The Potential of Blockchain Technology in Revolutionizing Industries

GUEST POST from Art Inteligencia

Blockchain technology has been gaining significant attention in recent years due to its potential to revolutionize various industries. Although originally associated with cryptocurrencies like Bitcoin, the underlying technology of blockchain has far-reaching implications for sectors beyond finance. Its decentralized and transparent nature has the power to transform traditional systems, creating more efficiency, security, and trust. Let us explore two case study examples of how blockchain technology is reshaping industries.

Case Study 1 – Supply Chain Management

The supply chain industry has always faced challenges in establishing trust, ensuring traceability, and preventing counterfeit products. Blockchain technology has emerged as a game-changer in addressing these issues. By leveraging the immutable nature of blockchain, supply chain managers can track every step of a product’s journey from inception to the end consumer.

Walmart successfully implemented blockchain in their food supply chain, reducing the time required to trace the origin of contaminated food from more than a week to mere minutes. By utilizing blockchain, they established a transparent system where the entire supply chain, including farmers, suppliers, distributors, and retailers, can timely record and track product information, such as source details, processing methods, and expiration dates. This not only enhances customer safety but also helps in identifying sources of contamination promptly, leading to faster recalls and reduced risk.

Case Study 2 – Healthcare

The healthcare industry faces numerous challenges, including data breaches, counterfeit drugs, and interoperability issues. Blockchain technology presents a promising solution by securing patient records, reducing fraud, and enhancing data sharing between healthcare providers.

In Estonia, the government implemented blockchain technology for health records. Patients have full control over their medical data, and only authorized healthcare professionals can access it. The blockchain ensures the integrity and security of the records, minimizing the risk of data tampering and unauthorized access. Moreover, the decentralized nature of blockchain enables interoperability between different healthcare systems, improving the coordination of care and saving time for patients and providers.

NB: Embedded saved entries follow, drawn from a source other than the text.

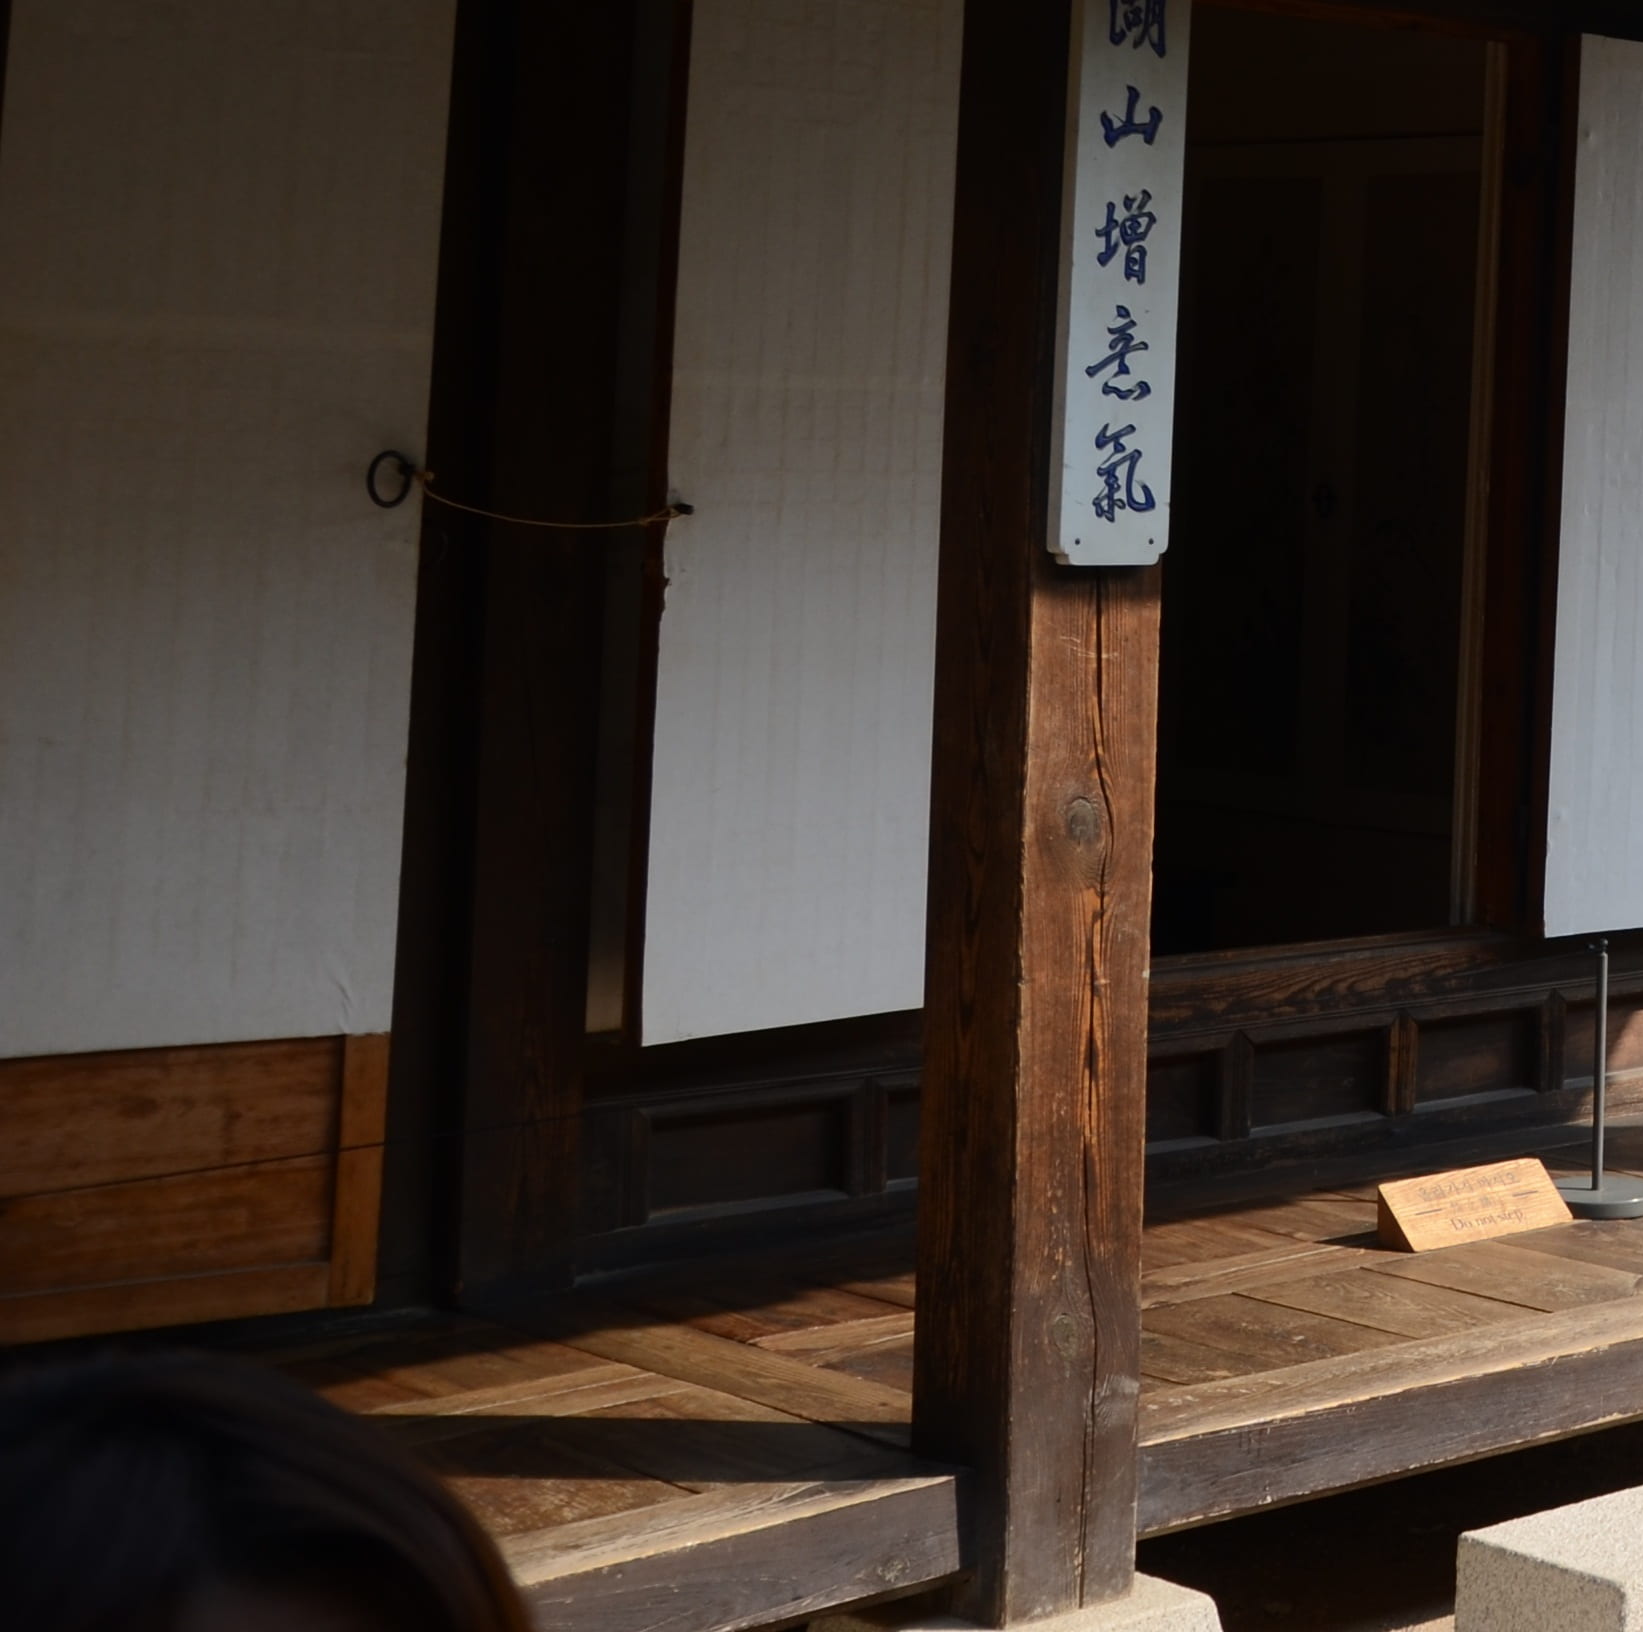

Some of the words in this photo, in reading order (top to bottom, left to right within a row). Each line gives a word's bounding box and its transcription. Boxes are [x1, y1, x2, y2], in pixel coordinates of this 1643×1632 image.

[1450, 1216, 1473, 1231] Do
[1475, 1214, 1497, 1227] not
[1497, 1209, 1524, 1225] step
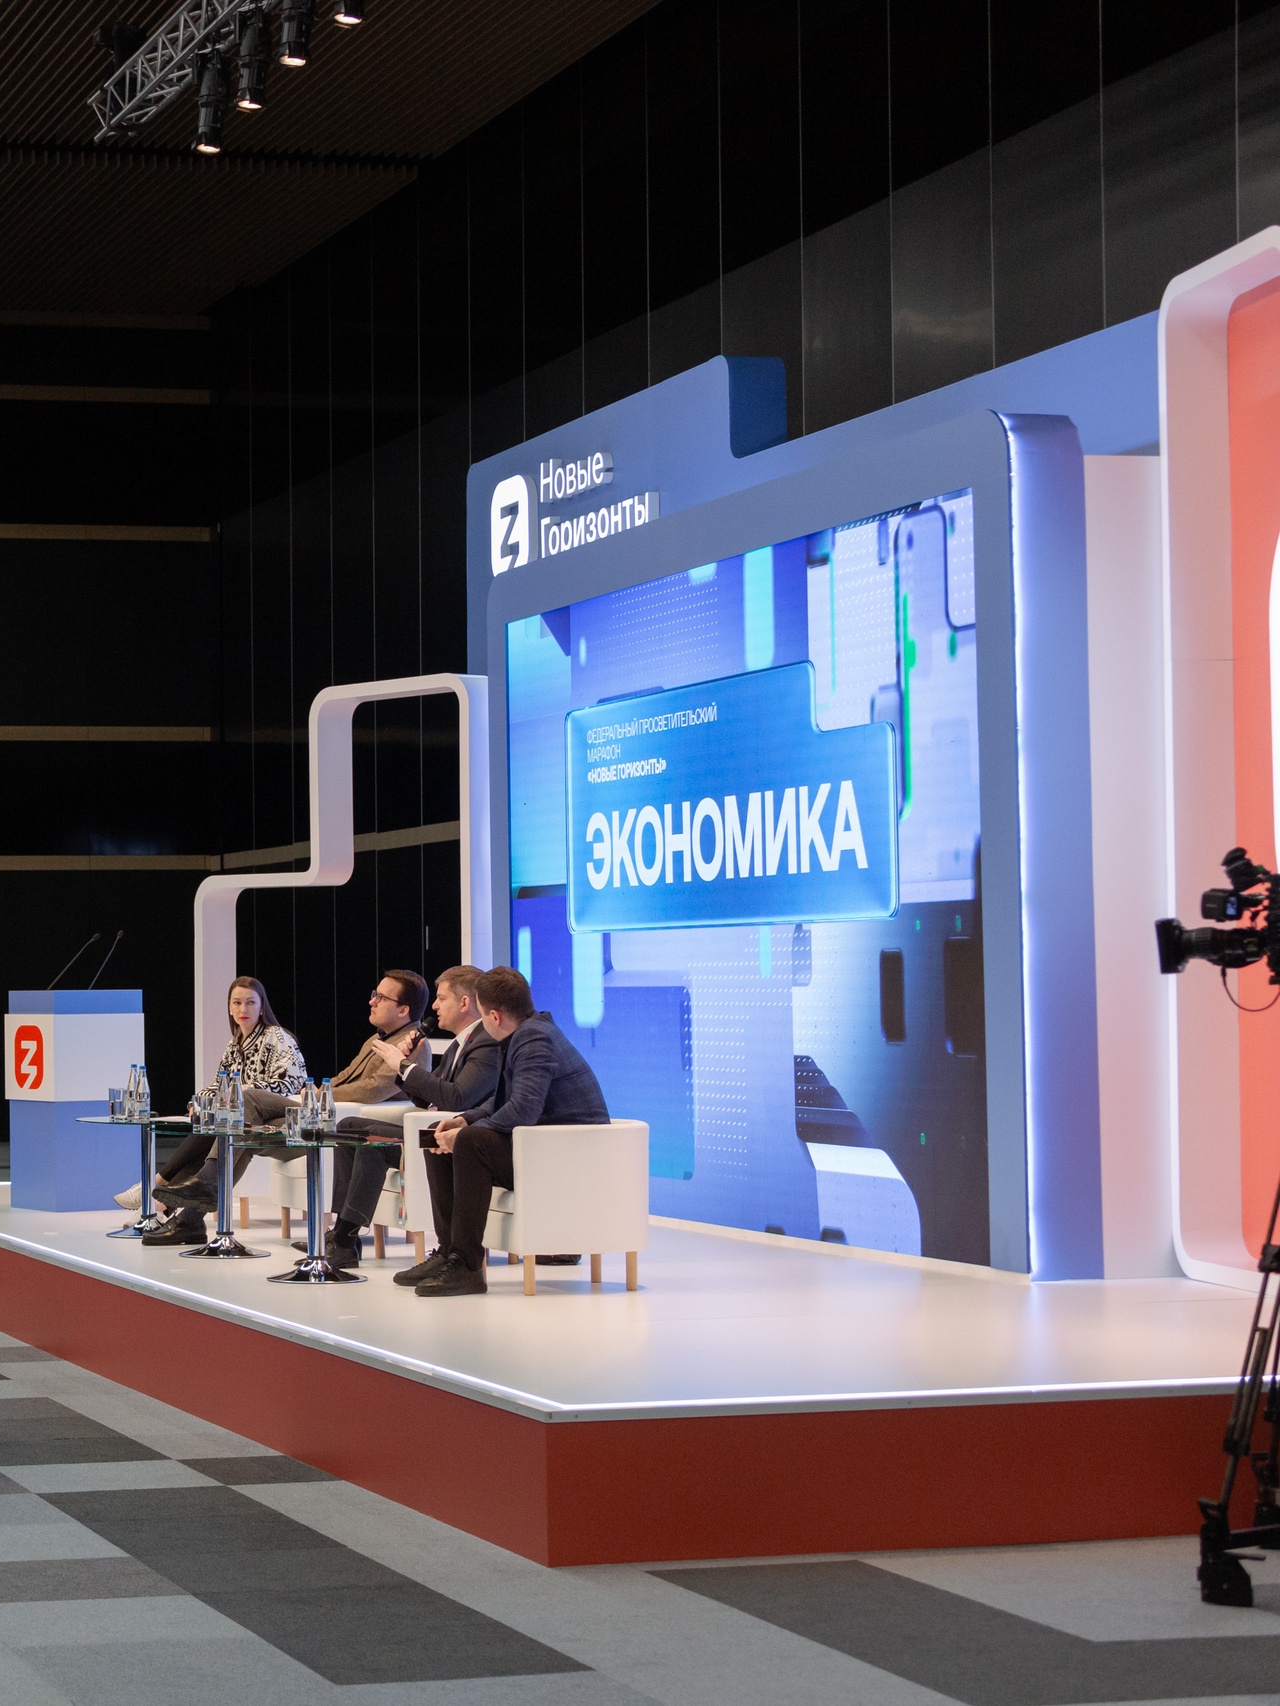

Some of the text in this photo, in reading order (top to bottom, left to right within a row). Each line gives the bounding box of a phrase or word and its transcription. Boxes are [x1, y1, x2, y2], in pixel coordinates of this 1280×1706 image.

[540, 452, 604, 503] Новые
[540, 491, 649, 559] Горизонты
[586, 702, 717, 744] ФЕДЕРАЛЬНЫЙ ПРОСВЕТИТЕЛЬСКИЙ
[587, 743, 621, 763] МАРАФОН
[587, 757, 667, 784] «НОВЫЕ ГОРИЗОНТЫ»
[585, 780, 869, 890] ЭКОНОМИКА
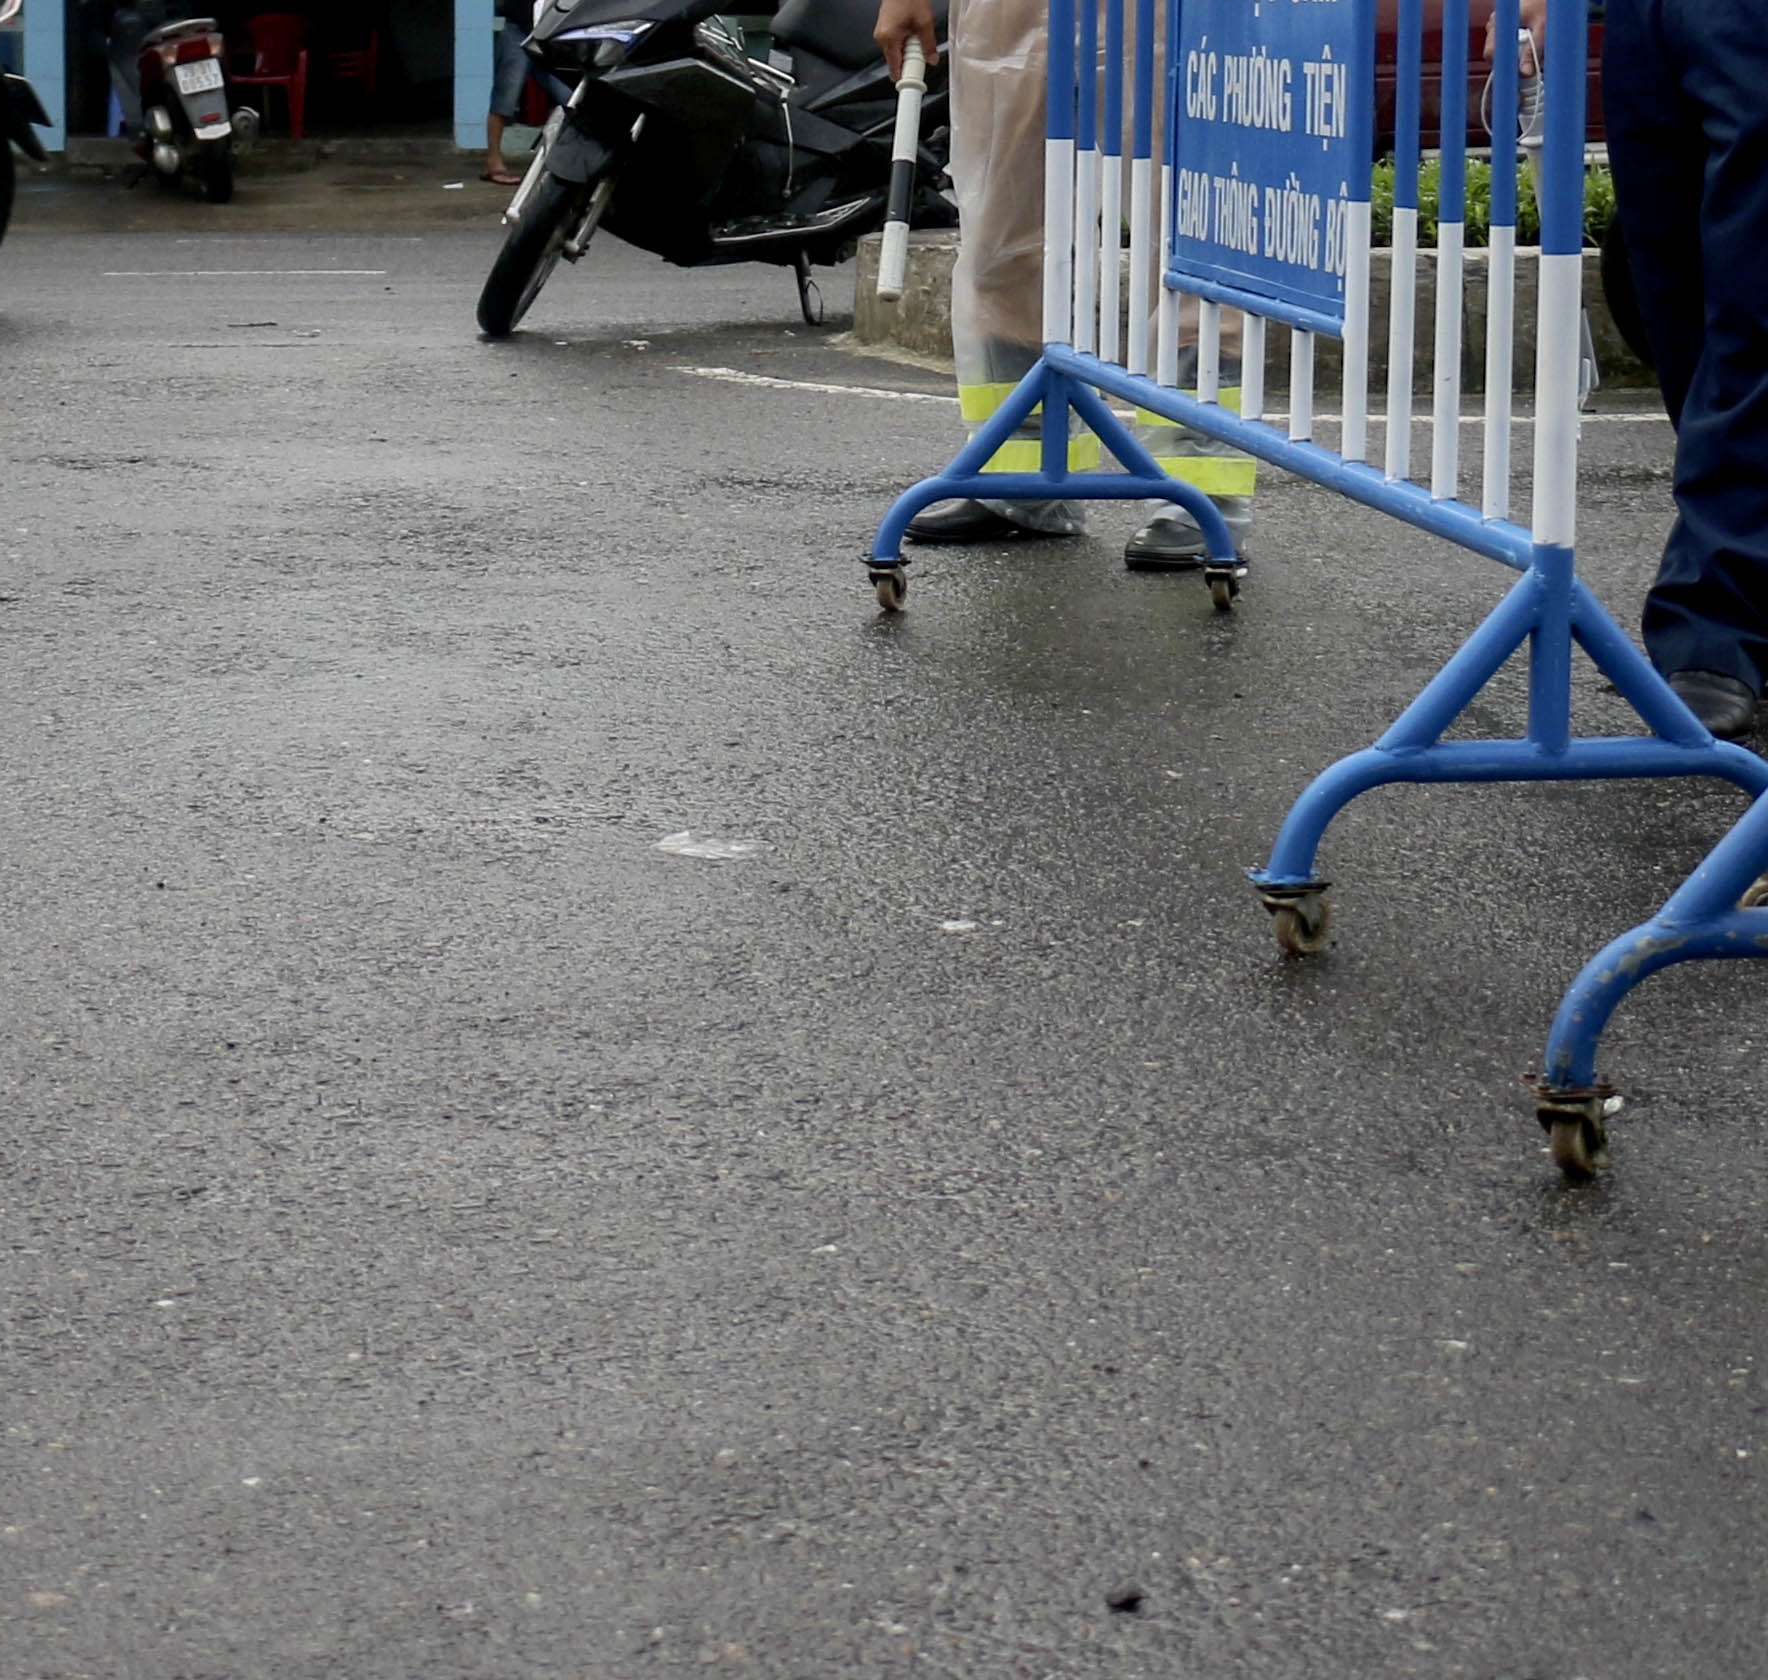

Furthermore, blockchain in healthcare can transform clinical trials by facilitating the secure sharing of trial data among researchers, ensuring the integrity and authenticity of the results.


These two examples merely scratch the surface of the immense potential of blockchain technology in revolutionizing industries. From finance to logistics, energy to real estate, blockchain’s application is vast and has the potential to disrupt existing systems fundamentally.

By providing increased transparency, trust, and security, blockchain technology paves the way for more efficient and reliable processes. However, challenges such as scalability, regulatory frameworks, and energy consumption must be overcome to realize its full potential.

The future is bright for those industries that embrace and adapt to this transformative technology. Blockchain has the power to reshape businesses, optimize operations, and improve customer experiences. Its impact is already visible in some sectors, and it is only a matter of time before blockchain becomes a widely adopted technology across industries, revolutionizing the way we live and do business.

Bottom line: Futurists are not fortune tellers. They use a formal approach to achieve their outcomes, but a methodology and tools like those in FutureHacking™ can empower anyone to be their own futurist.